Durante la Prima Crociata (1097-1099) i crociati genovesi, guidati da Guglielmo Embriaco diedero un decisivo contributo nella conquista di varie città. Per il loro importante contributo vennero ricompensati dai Crociati con la terza Parte di Gibelletto e la terza parte delle entrate fiscali della città e del contado (fino ad una lega di distanza) di Acri. Inoltre i mercanti genovesi costruirono fondaci od ebbero una strada tutta per loro in varie città del Levante: a Cesarea, a Tolemaide, a Giaffa, a Gerusalemme, a Famagosta, ad Antiochia, a Laiazzo, a Tortosa (oggi in Siria), a Tripoli del Libano ed a Beirut. Il più famoso di questi possedimenti, la signoria di Gibelletto, era un feudo della contea di Tripoli concesso alla famiglia genovese degli Embriaci nel 1104. Essa durò fino al 1302 quando l'occupazione degli ultimi territori cristiani costrinse gli Embriaci a passare a Cipro. E infatti la riconquista musulmana cancellò la presenza genovese nella costa levantina.
Anche sulla costa spagnola da Valencia a Gibilterra, che era in possesso dei musulmani, intorno al 1150 vennero stabiliti numerosi fondaci genovesi, ma di breve durata[
La prima espansione oltremare di Genova fu in Corsica, annessa nel 1284 (fino al Settecento) alla Repubblica genovese, e nella Sardegna nord-occidentale. La battaglia della Meloria segnò la definitiva sconfitta della Repubblica di Pisa da parte dei genovesi, che si annessero la Corsica. In quegli anni interi borghi di parlata ligure furono trapiantati in Corsica (principalmente a Bonifacio e Calvi) e tuttora caratterizzano parzialmente l'isola dal punto di vista etnico-linguistico. In Sardegna Sassari divenne comune confederato alla repubblica genovese nel 1294; sempre nel nord-ovest dell'isola si insediarono i Doria, che vantavano alcuni legami di parentela con i giudici di Torres, a cui si deve la fondazione di centri quali Alghero e Castelgenovese.
Vi fu contemporaneamente un'espansione genovese anche sulle rotte commerciali del Mediterraneo bizantino.
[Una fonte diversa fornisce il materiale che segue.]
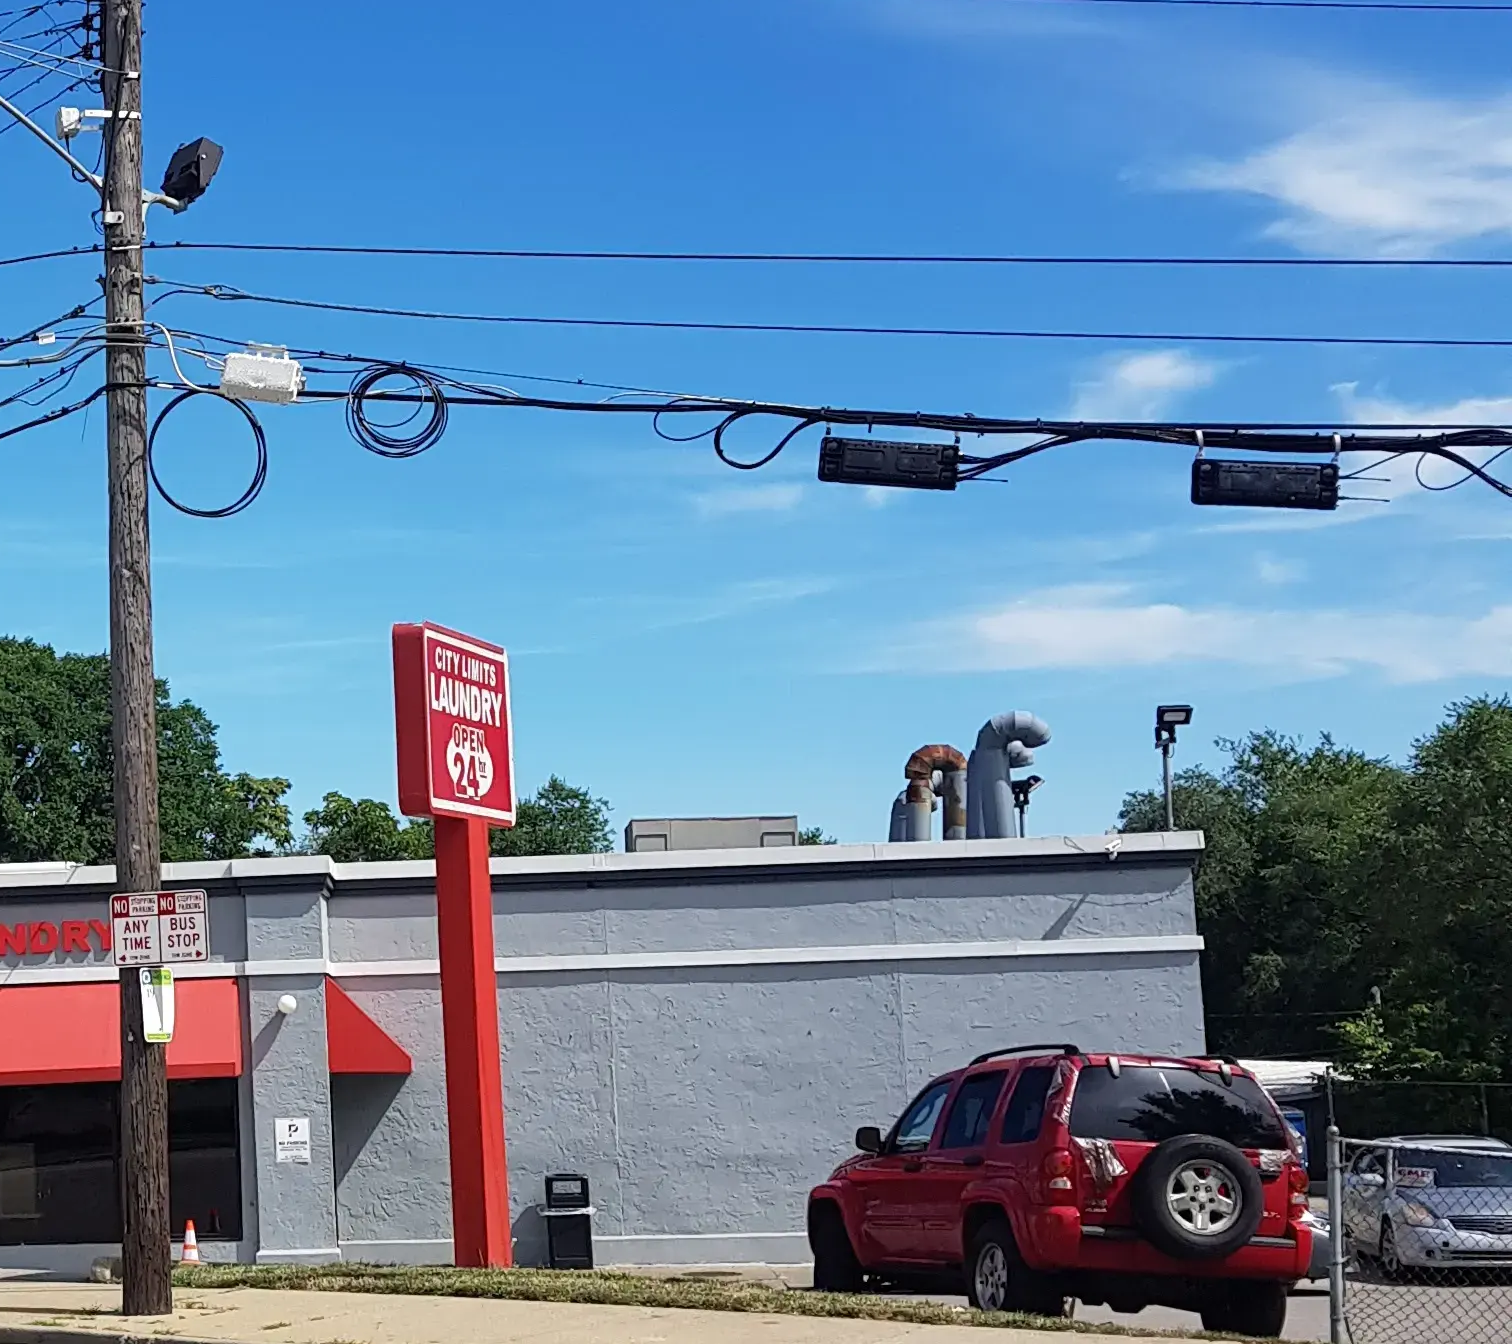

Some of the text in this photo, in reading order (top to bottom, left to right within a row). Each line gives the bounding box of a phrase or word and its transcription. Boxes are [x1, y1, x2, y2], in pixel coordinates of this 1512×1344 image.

[435, 646, 496, 686] CITY LIMITS
[430, 672, 502, 728] LAUNDRY
[454, 726, 484, 754] OPEN
[114, 900, 127, 914] NO
[160, 897, 174, 911] NO
[124, 920, 148, 934] ANY
[170, 917, 196, 930] BUS
[122, 936, 151, 950] TIME
[168, 933, 200, 947] STOP
Infatti la Quarta crociata ruppe la tradizionale cooperazione fra Venezia e l'Impero Bizantino. Con il trattato di Ninfeo del 1261 l'impero greco si alleò con Genova contro Venezia, e conseguentemente concesse alla Compagna Communis ed a famiglie e compagnie genovesi molte basi d'appoggio, garantendo loro un quasi monopolio del commercio nel Mar Nero.
Questi insediamenti furono attuati secondo un modello organizzativo estremamente importante nella Storia europea: essi costituiscono gli antecedenti medievali della colonizzazione moderna. La colonizzazione genovese non era basata sull'occupazione militare di un territorio ma sulla "concessione" per scopi commerciali di aree, dove si impiantavano famiglie di genovesi e liguri associate con i ceti dominanti locali
Le isole greche dell'Egeo Chio e Mitilene divennero il centro del commercio genovese verso l'Oriente. L'isola di Chio, in particolare, divenne prima feudo degli Zaccaria, che vi instaurarono la loro signoria, poi fu il ricco possedimento di una potente famiglia genovese, i Giustiniani, che la riuscirono a controllare e mantenere cristiana (davanti allo strapotere turco) fino al 1566 sotto il controllo della maona di Chio e di Focea.
Nella penisola di Crimea, Caffa ed altre cittadine vicine in mano alla Repubblica di Genova furono il punto di contatto tra il mondo mongolo-tartaro e quello dell'Europa occidentale. Per oltre due secoli e fino alla totale conquista ottomana dell'impero bizantino, le colonie genovesi del Mar Nero prosperarono ed arricchirono Genova.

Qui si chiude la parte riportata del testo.